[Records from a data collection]
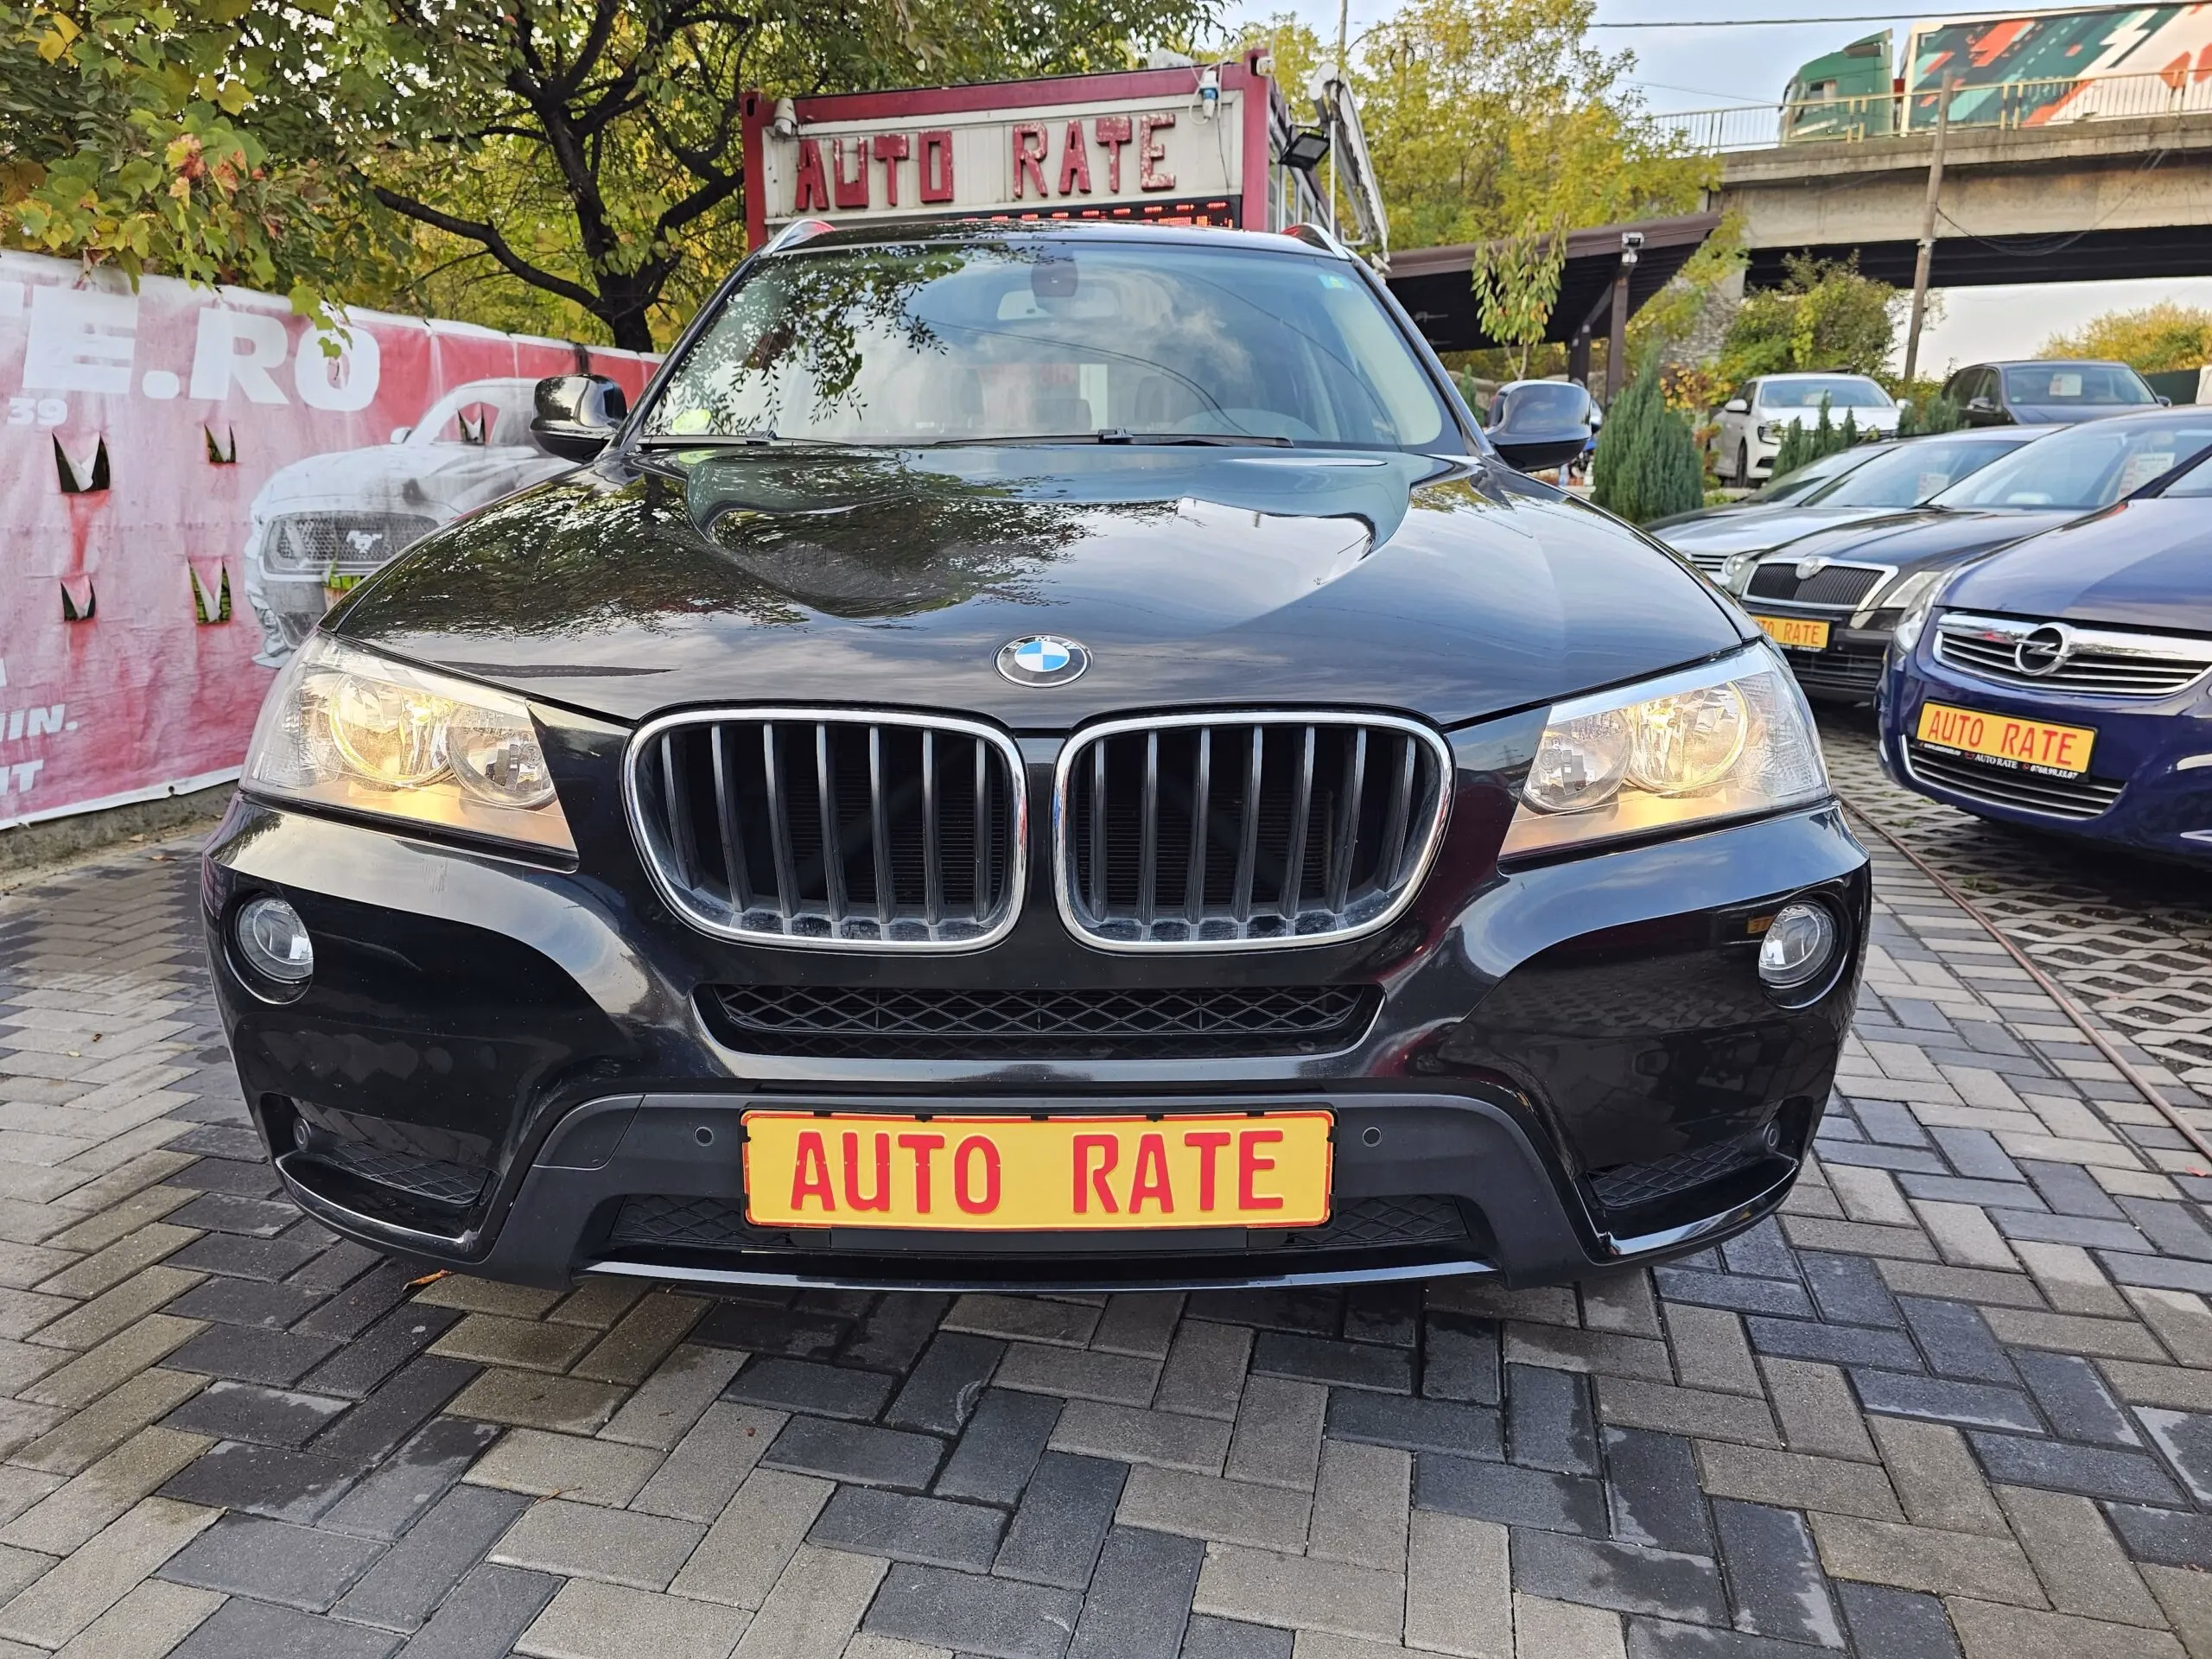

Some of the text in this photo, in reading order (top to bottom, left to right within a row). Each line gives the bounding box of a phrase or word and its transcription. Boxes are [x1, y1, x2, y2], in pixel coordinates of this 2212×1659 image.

[795, 113, 1176, 212] AUTO RATE
[0, 281, 380, 411] E.RO
[7, 397, 68, 426] 39
[1006, 633, 1079, 650] BMW
[1783, 622, 1821, 645] RATE
[0, 703, 79, 743] IN.
[1928, 709, 2077, 766] AUTO RATE
[1974, 753, 2018, 769] AUTO RATE
[790, 1129, 1285, 1215] AUTO RATE
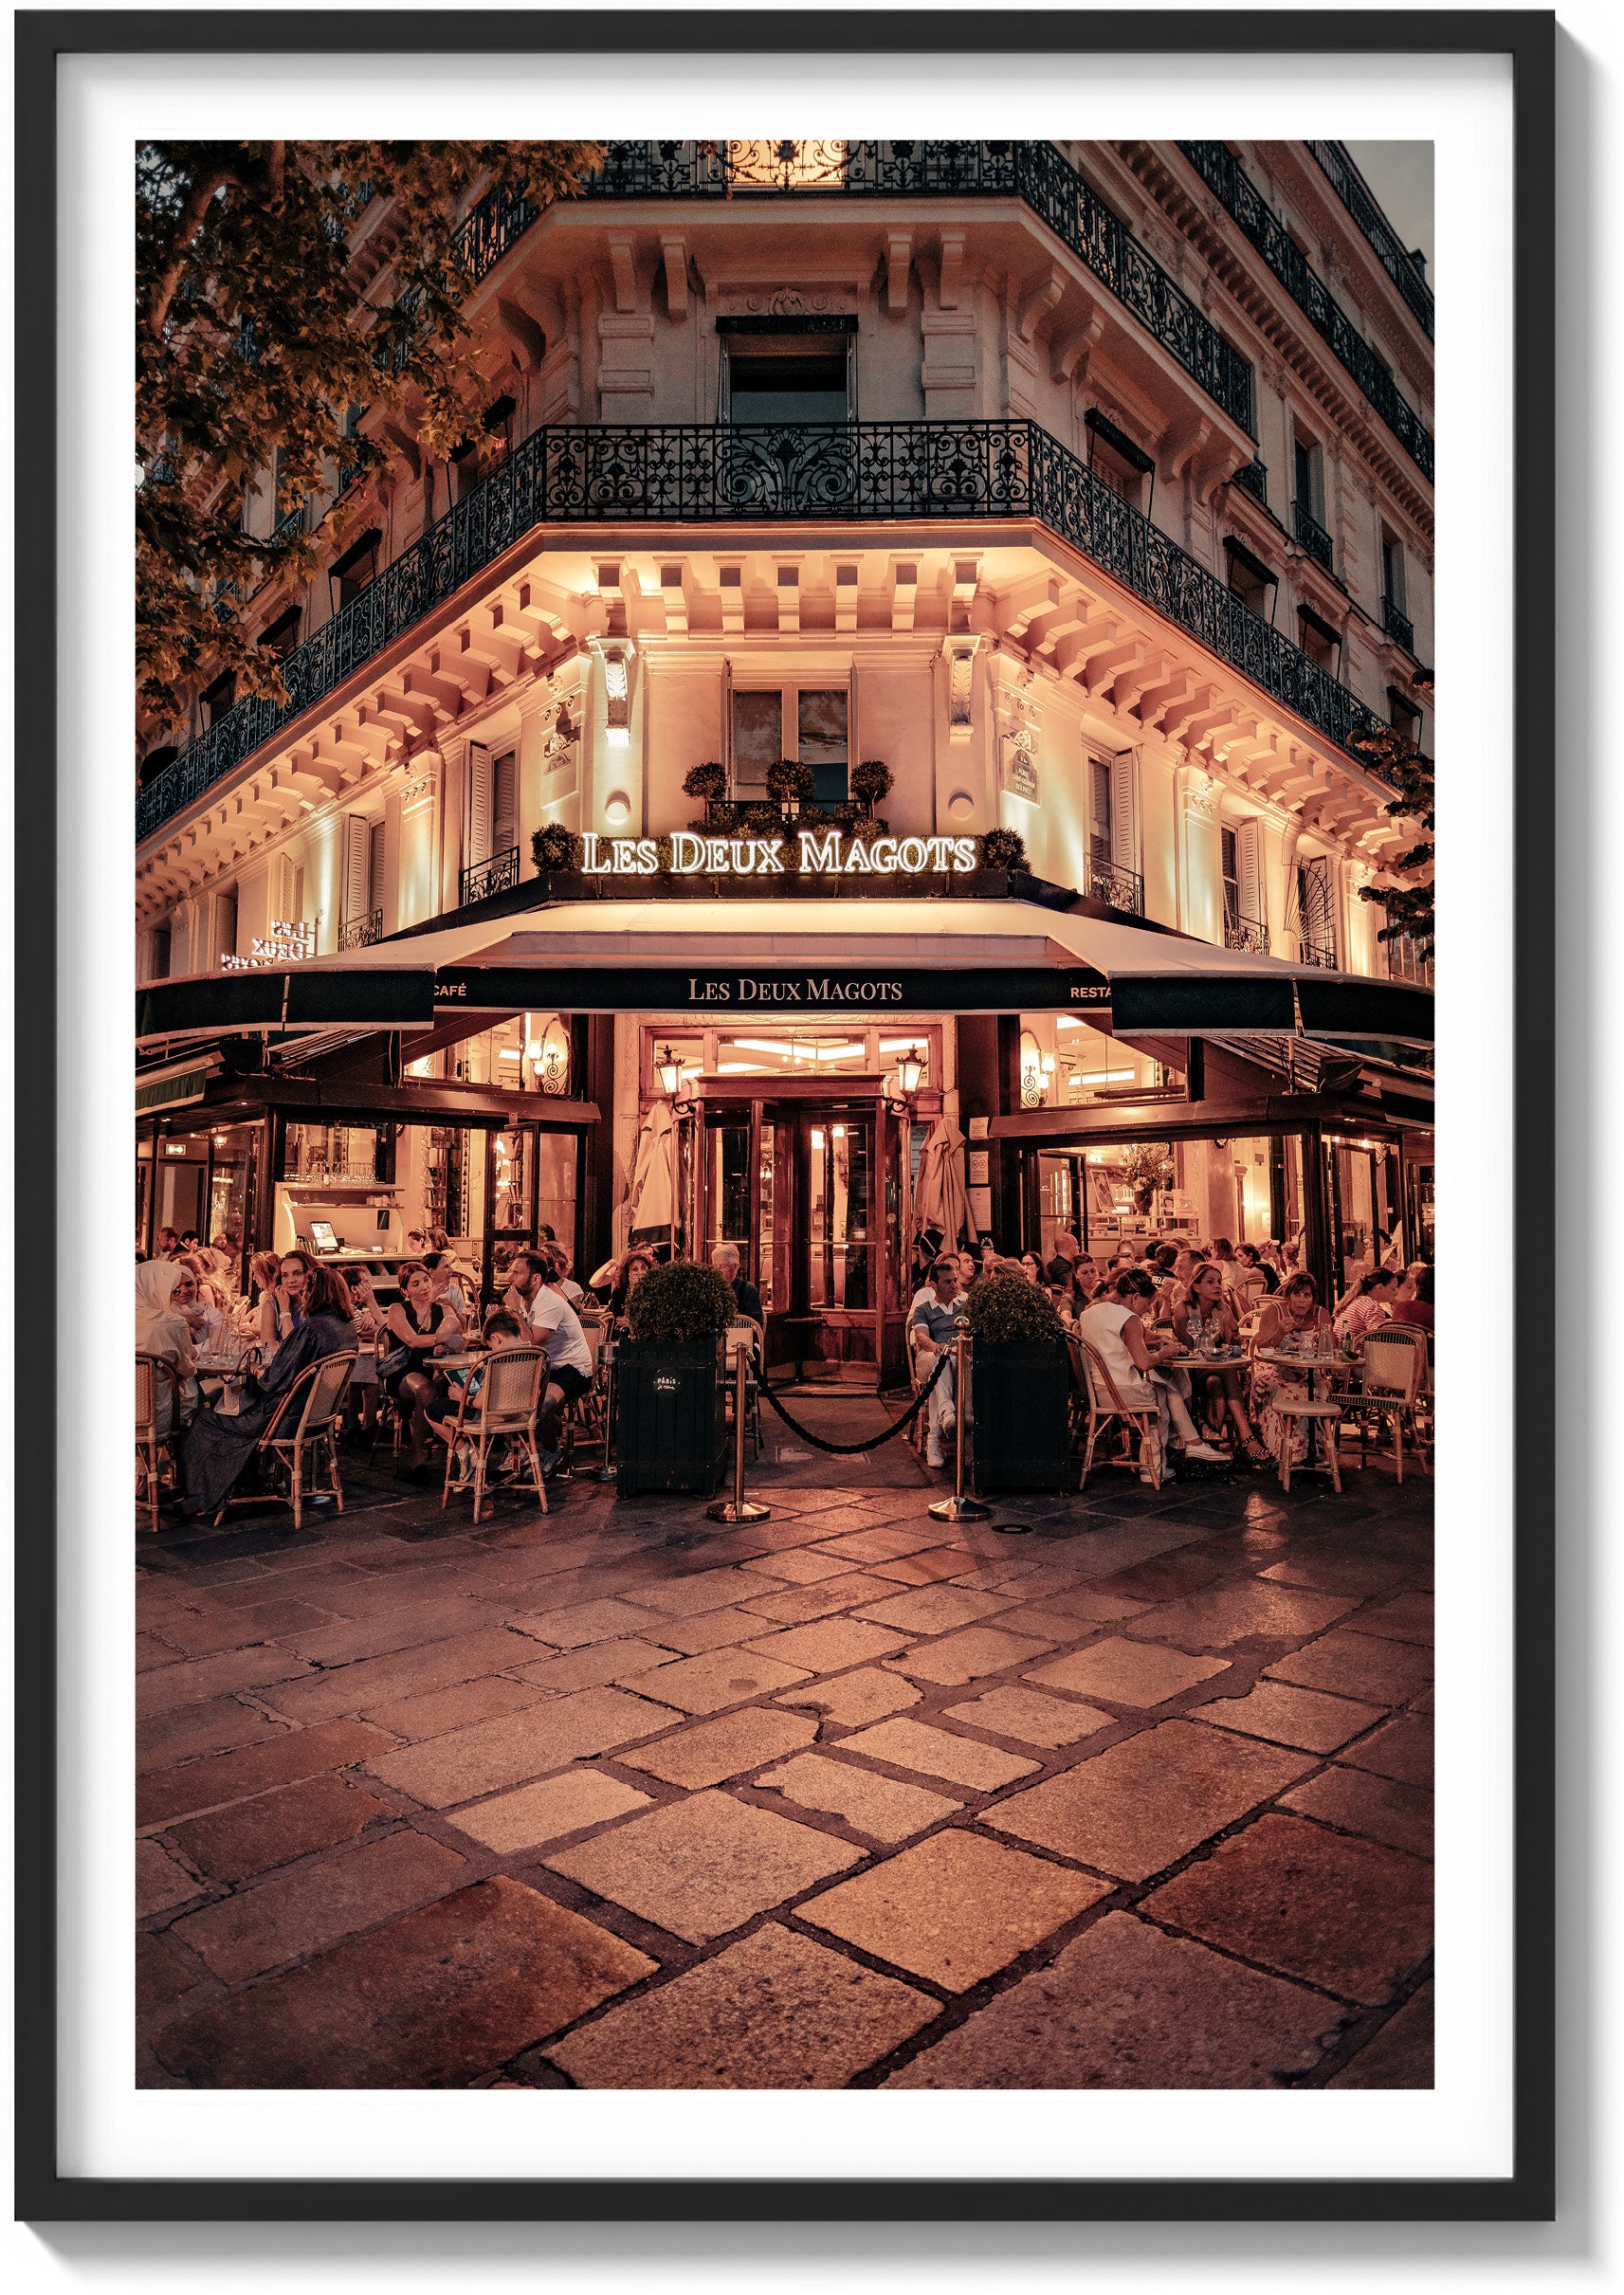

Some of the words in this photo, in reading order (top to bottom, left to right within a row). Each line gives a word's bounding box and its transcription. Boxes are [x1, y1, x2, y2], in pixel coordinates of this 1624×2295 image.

[581, 832, 658, 874] LES
[669, 831, 786, 874] DEUX
[797, 831, 977, 874] MAGOTS
[433, 982, 467, 996] CAFÉ
[688, 978, 731, 1001] LES
[738, 978, 802, 1001] DEUX
[806, 978, 903, 1001] MAGOTS
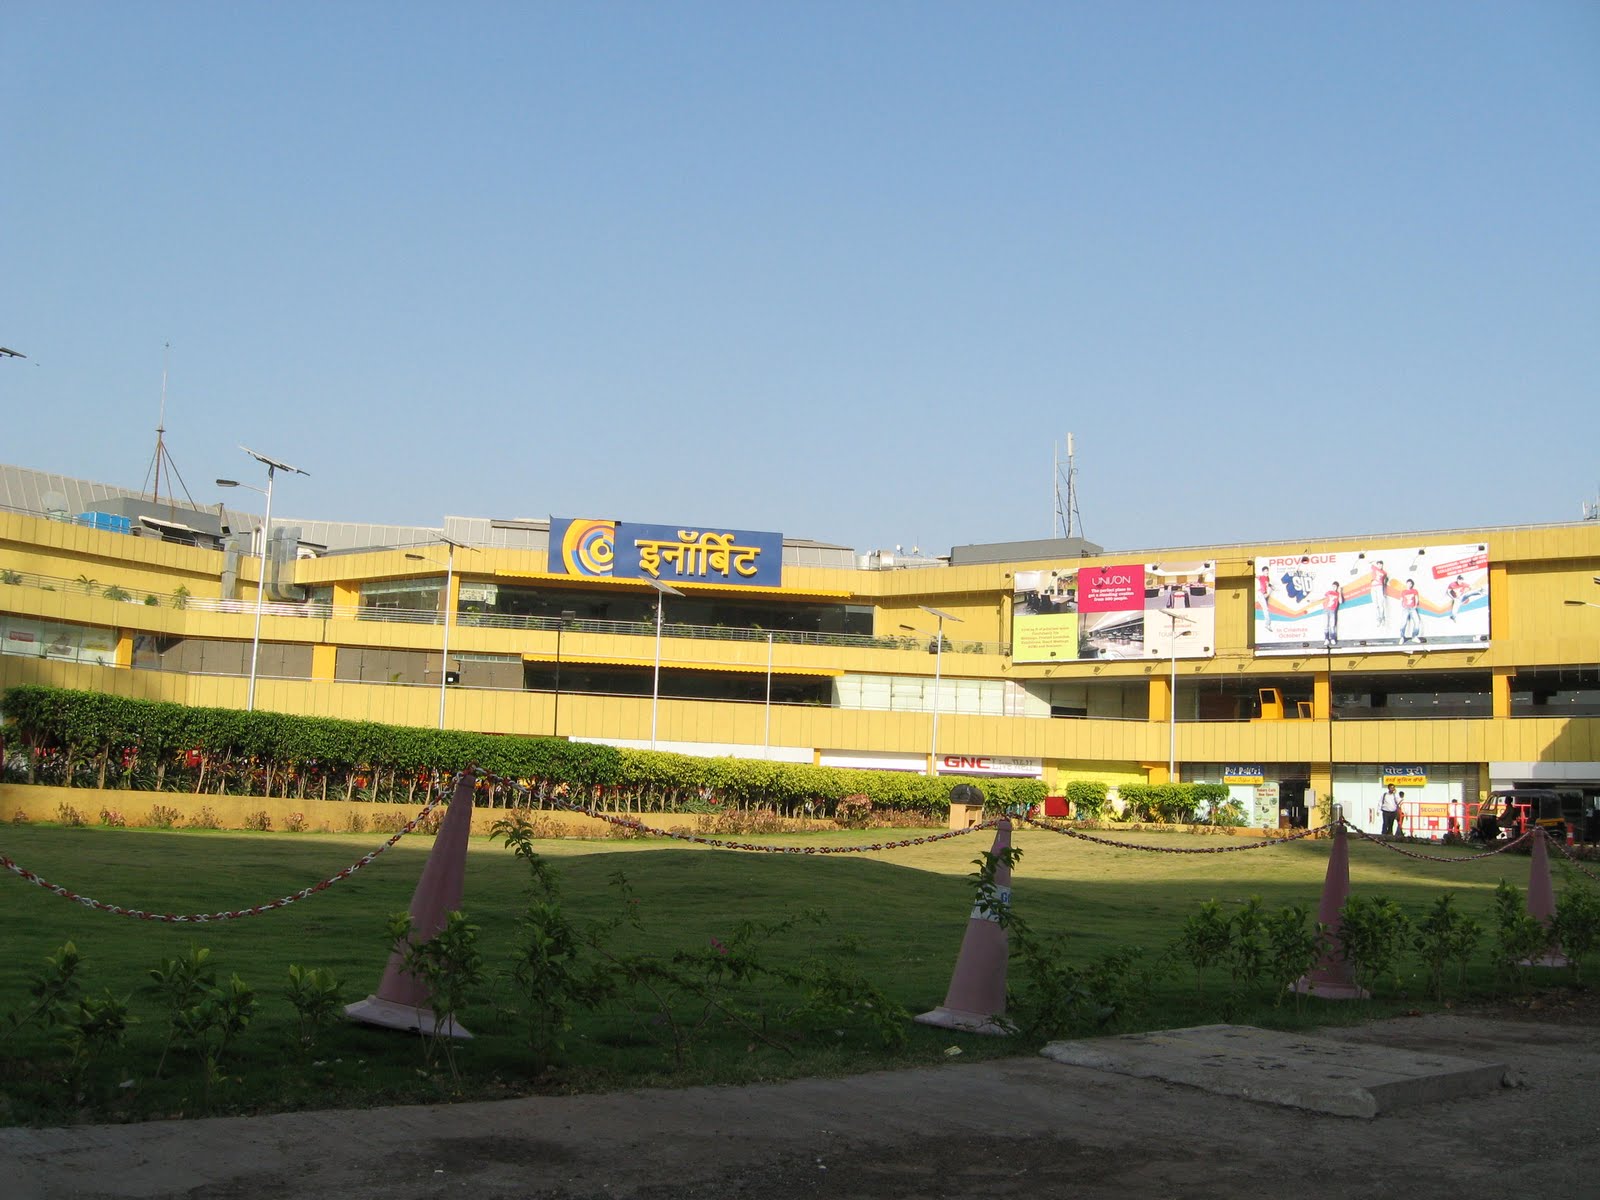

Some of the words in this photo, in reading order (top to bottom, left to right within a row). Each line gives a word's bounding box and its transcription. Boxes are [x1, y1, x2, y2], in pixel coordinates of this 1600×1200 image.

[634, 530, 761, 579] इनॉर्बिट
[1269, 555, 1336, 567] PROVOGUE
[1091, 575, 1131, 586] UNISON
[944, 756, 991, 769] GNC

■ **Instructions for the task**
From the line containing "this 1624×2295 image." down to the end of the data above, reproduce each line exactly; no pictures.

■ **Task result**
Some of the words in this photo, in reading order (top to bottom, left to right within a row). Each line gives a word's bounding box and its transcription. Boxes are [x1, y1, x2, y2], in pixel coordinates of this 1624×2295 image.

[581, 832, 658, 874] LES
[669, 831, 786, 874] DEUX
[797, 831, 977, 874] MAGOTS
[433, 982, 467, 996] CAFÉ
[688, 978, 731, 1001] LES
[738, 978, 802, 1001] DEUX
[806, 978, 903, 1001] MAGOTS

Some of the words in this photo, in reading order (top to bottom, left to right within a row). Each line gives a word's bounding box and its transcription. Boxes are [x1, y1, x2, y2], in pixel coordinates of this 1600×1200 image.

[634, 530, 761, 579] इनॉर्बिट
[1269, 555, 1336, 567] PROVOGUE
[1091, 575, 1131, 586] UNISON
[944, 756, 991, 769] GNC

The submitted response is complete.